• Spatial localization data
====================
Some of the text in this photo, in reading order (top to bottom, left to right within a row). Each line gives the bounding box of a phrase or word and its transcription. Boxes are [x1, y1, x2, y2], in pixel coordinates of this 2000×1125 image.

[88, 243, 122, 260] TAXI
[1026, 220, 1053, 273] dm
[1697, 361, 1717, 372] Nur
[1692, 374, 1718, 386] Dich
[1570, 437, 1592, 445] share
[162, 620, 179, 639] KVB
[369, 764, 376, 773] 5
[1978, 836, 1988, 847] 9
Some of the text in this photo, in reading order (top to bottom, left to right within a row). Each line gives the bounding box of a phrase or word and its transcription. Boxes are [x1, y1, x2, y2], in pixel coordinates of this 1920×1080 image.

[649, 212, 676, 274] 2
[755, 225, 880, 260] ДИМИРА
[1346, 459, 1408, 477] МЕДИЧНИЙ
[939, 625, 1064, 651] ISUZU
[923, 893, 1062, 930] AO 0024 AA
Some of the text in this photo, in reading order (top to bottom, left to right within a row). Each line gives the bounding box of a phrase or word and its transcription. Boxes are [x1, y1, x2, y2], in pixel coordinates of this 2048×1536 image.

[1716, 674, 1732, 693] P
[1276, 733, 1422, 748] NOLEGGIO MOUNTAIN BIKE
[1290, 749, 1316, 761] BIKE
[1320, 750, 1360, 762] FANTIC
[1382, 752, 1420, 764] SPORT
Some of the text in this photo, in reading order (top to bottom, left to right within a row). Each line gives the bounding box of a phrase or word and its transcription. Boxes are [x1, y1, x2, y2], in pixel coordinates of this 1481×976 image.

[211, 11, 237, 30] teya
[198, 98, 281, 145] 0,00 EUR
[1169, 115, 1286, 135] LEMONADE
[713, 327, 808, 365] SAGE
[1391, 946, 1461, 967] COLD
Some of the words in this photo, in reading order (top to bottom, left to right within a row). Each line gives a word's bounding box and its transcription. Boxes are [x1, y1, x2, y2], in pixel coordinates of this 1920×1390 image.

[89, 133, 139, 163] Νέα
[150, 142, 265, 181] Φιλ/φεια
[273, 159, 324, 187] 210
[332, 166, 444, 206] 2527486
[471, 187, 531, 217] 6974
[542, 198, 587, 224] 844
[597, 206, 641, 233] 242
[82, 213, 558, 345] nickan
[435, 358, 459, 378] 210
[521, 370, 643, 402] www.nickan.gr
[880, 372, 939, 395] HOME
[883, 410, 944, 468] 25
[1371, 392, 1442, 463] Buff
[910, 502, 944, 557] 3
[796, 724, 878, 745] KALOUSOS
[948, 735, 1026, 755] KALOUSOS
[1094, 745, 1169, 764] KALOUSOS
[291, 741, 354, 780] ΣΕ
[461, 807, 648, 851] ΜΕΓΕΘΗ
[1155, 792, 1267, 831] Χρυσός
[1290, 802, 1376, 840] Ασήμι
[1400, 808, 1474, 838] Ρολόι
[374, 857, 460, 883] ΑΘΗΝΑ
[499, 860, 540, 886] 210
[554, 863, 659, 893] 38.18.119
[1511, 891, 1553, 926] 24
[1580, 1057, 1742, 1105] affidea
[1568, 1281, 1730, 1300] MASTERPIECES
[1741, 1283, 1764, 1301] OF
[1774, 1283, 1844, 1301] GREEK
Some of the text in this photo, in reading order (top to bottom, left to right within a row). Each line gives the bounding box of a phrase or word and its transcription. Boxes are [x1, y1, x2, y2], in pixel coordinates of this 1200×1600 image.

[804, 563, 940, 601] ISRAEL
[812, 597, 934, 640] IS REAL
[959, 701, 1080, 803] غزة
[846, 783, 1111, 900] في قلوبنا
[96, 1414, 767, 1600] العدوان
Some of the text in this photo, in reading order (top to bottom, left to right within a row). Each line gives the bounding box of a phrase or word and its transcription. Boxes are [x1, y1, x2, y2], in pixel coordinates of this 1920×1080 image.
====================
• Work task
Copy each entry exactly. Omit none.

• Final answer
Some of the text in this photo, in reading order (top to bottom, left to right within a row). Each line gives the bounding box of a phrase or word and its transcription. Boxes are [x1, y1, x2, y2], in pixel coordinates of this 2000×1125 image.

[88, 243, 122, 260] TAXI
[1026, 220, 1053, 273] dm
[1697, 361, 1717, 372] Nur
[1692, 374, 1718, 386] Dich
[1570, 437, 1592, 445] share
[162, 620, 179, 639] KVB
[369, 764, 376, 773] 5
[1978, 836, 1988, 847] 9
Some of the text in this photo, in reading order (top to bottom, left to right within a row). Each line gives the bounding box of a phrase or word and its transcription. Boxes are [x1, y1, x2, y2], in pixel coordinates of this 1920×1080 image.

[649, 212, 676, 274] 2
[755, 225, 880, 260] ДИМИРА
[1346, 459, 1408, 477] МЕДИЧНИЙ
[939, 625, 1064, 651] ISUZU
[923, 893, 1062, 930] AO 0024 AA
Some of the text in this photo, in reading order (top to bottom, left to right within a row). Each line gives the bounding box of a phrase or word and its transcription. Boxes are [x1, y1, x2, y2], in pixel coordinates of this 2048×1536 image.

[1716, 674, 1732, 693] P
[1276, 733, 1422, 748] NOLEGGIO MOUNTAIN BIKE
[1290, 749, 1316, 761] BIKE
[1320, 750, 1360, 762] FANTIC
[1382, 752, 1420, 764] SPORT
Some of the text in this photo, in reading order (top to bottom, left to right within a row). Each line gives the bounding box of a phrase or word and its transcription. Boxes are [x1, y1, x2, y2], in pixel coordinates of this 1481×976 image.

[211, 11, 237, 30] teya
[198, 98, 281, 145] 0,00 EUR
[1169, 115, 1286, 135] LEMONADE
[713, 327, 808, 365] SAGE
[1391, 946, 1461, 967] COLD
Some of the words in this photo, in reading order (top to bottom, left to right within a row). Each line gives a word's bounding box and its transcription. Boxes are [x1, y1, x2, y2], in pixel coordinates of this 1920×1390 image.

[89, 133, 139, 163] Νέα
[150, 142, 265, 181] Φιλ/φεια
[273, 159, 324, 187] 210
[332, 166, 444, 206] 2527486
[471, 187, 531, 217] 6974
[542, 198, 587, 224] 844
[597, 206, 641, 233] 242
[82, 213, 558, 345] nickan
[435, 358, 459, 378] 210
[521, 370, 643, 402] www.nickan.gr
[880, 372, 939, 395] HOME
[883, 410, 944, 468] 25
[1371, 392, 1442, 463] Buff
[910, 502, 944, 557] 3
[796, 724, 878, 745] KALOUSOS
[948, 735, 1026, 755] KALOUSOS
[1094, 745, 1169, 764] KALOUSOS
[291, 741, 354, 780] ΣΕ
[461, 807, 648, 851] ΜΕΓΕΘΗ
[1155, 792, 1267, 831] Χρυσός
[1290, 802, 1376, 840] Ασήμι
[1400, 808, 1474, 838] Ρολόι
[374, 857, 460, 883] ΑΘΗΝΑ
[499, 860, 540, 886] 210
[554, 863, 659, 893] 38.18.119
[1511, 891, 1553, 926] 24
[1580, 1057, 1742, 1105] affidea
[1568, 1281, 1730, 1300] MASTERPIECES
[1741, 1283, 1764, 1301] OF
[1774, 1283, 1844, 1301] GREEK
Some of the text in this photo, in reading order (top to bottom, left to right within a row). Each line gives the bounding box of a phrase or word and its transcription. Boxes are [x1, y1, x2, y2], in pixel coordinates of this 1200×1600 image.

[804, 563, 940, 601] ISRAEL
[812, 597, 934, 640] IS REAL
[959, 701, 1080, 803] غزة
[846, 783, 1111, 900] في قلوبنا
[96, 1414, 767, 1600] العدوان
Some of the text in this photo, in reading order (top to bottom, left to right within a row). Each line gives the bounding box of a phrase or word and its transcription. Boxes are [x1, y1, x2, y2], in pixel coordinates of this 1920×1080 image.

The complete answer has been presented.